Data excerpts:
************
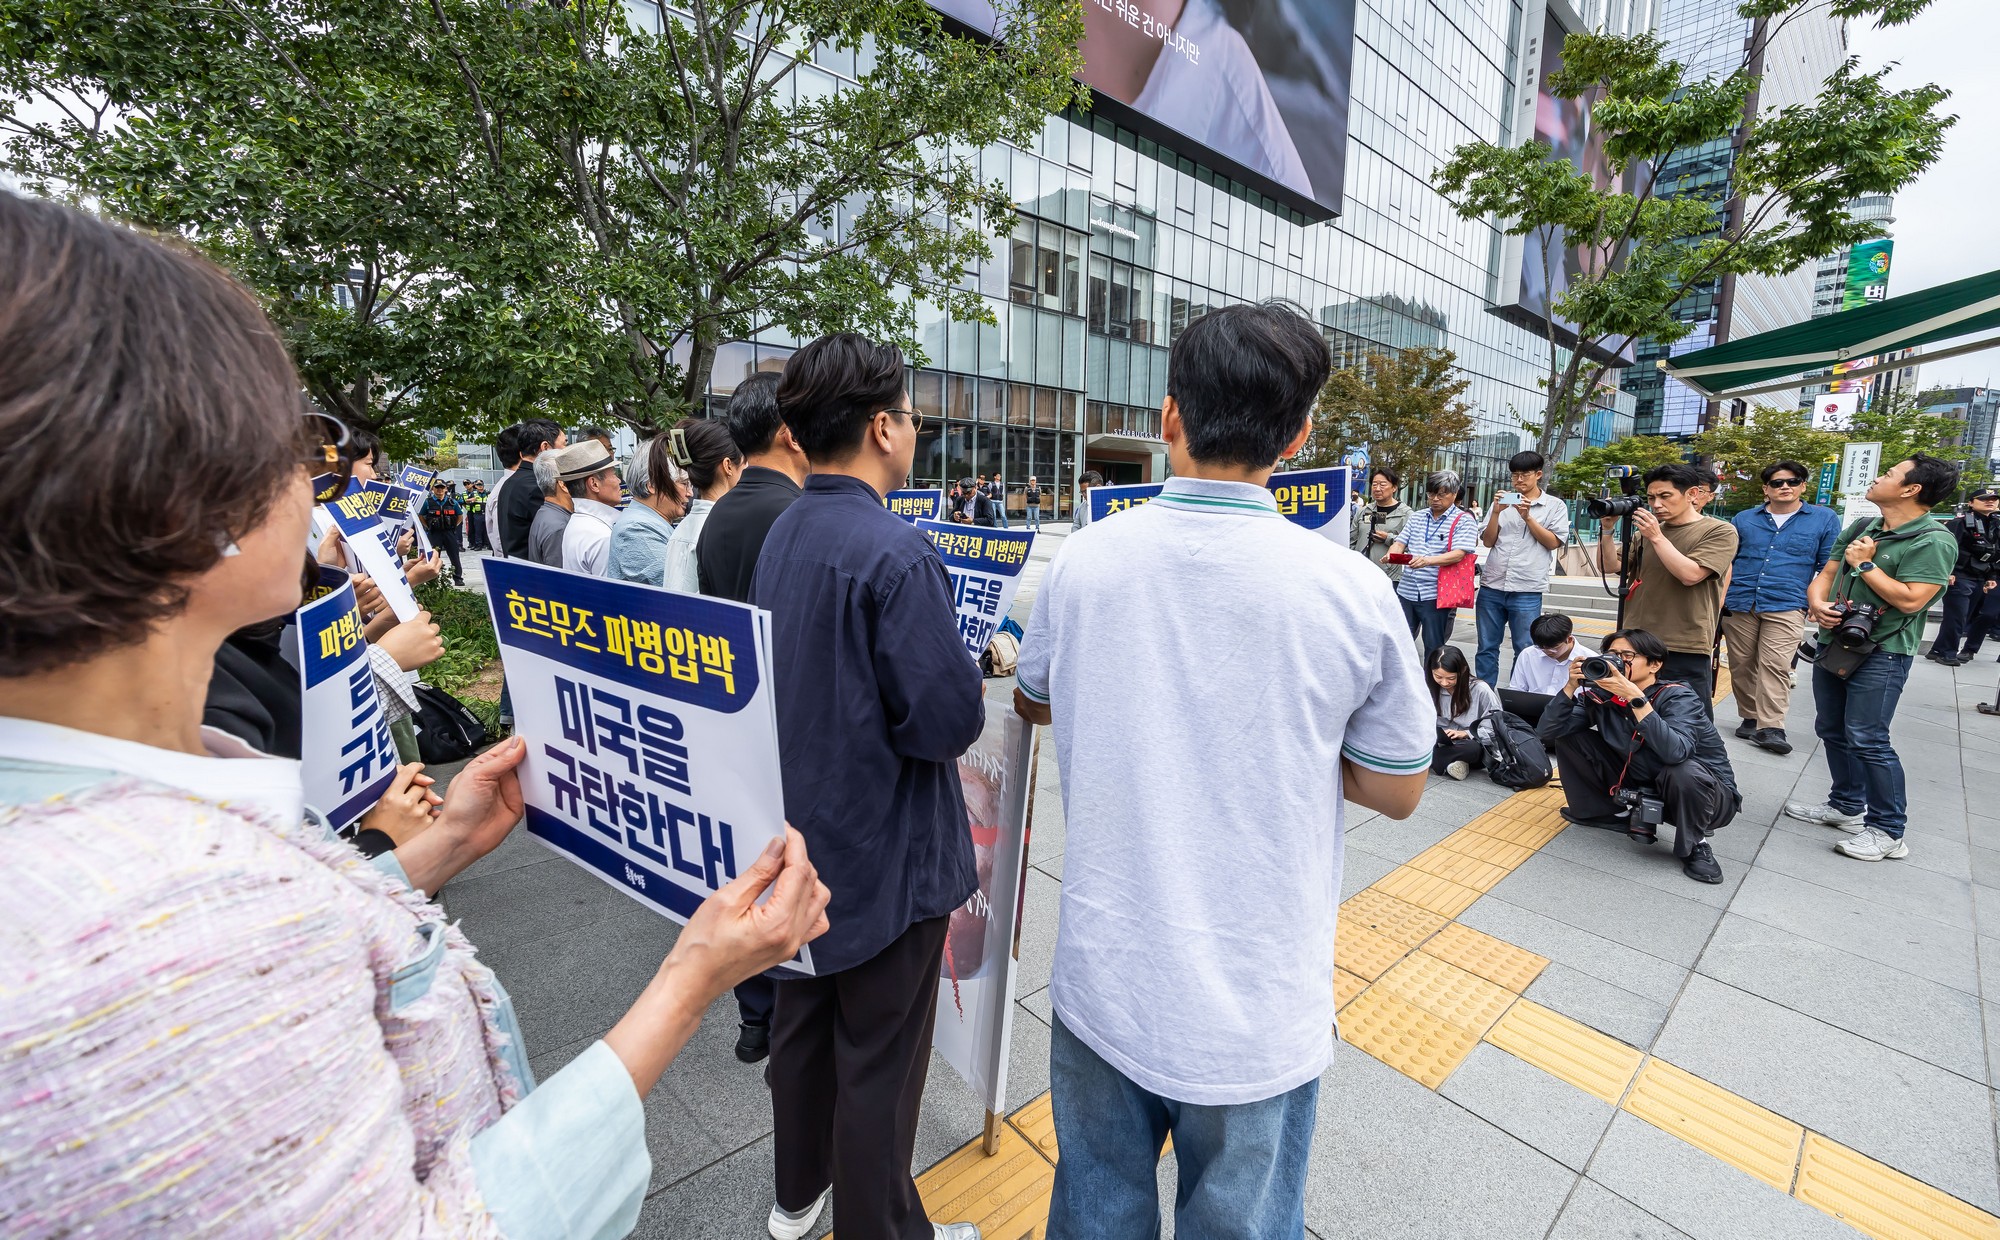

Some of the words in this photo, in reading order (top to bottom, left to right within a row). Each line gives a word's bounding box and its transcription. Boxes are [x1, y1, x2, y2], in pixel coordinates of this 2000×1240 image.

[1143, 12, 1154, 37] 건
[1156, 22, 1200, 65] 아니지만
[1113, 428, 1153, 439] STARBUCKS
[1858, 449, 1871, 487] 세종이야기
[891, 497, 934, 516] 파병압박
[1270, 483, 1329, 515] 압박
[984, 539, 1028, 565] 파병압박
[505, 590, 599, 653] 호르무즈
[603, 615, 735, 695] 파병압박
[554, 674, 692, 796] 미국을
************
THE TASK: What you return must match each record exactly and contain no images.

REPLY TO THE TASK:
Some of the words in this photo, in reading order (top to bottom, left to right within a row). Each line gives a word's bounding box and its transcription. Boxes are [x1, y1, x2, y2], in pixel coordinates of this 2000×1240 image.

[1143, 12, 1154, 37] 건
[1156, 22, 1200, 65] 아니지만
[1113, 428, 1153, 439] STARBUCKS
[1858, 449, 1871, 487] 세종이야기
[891, 497, 934, 516] 파병압박
[1270, 483, 1329, 515] 압박
[984, 539, 1028, 565] 파병압박
[505, 590, 599, 653] 호르무즈
[603, 615, 735, 695] 파병압박
[554, 674, 692, 796] 미국을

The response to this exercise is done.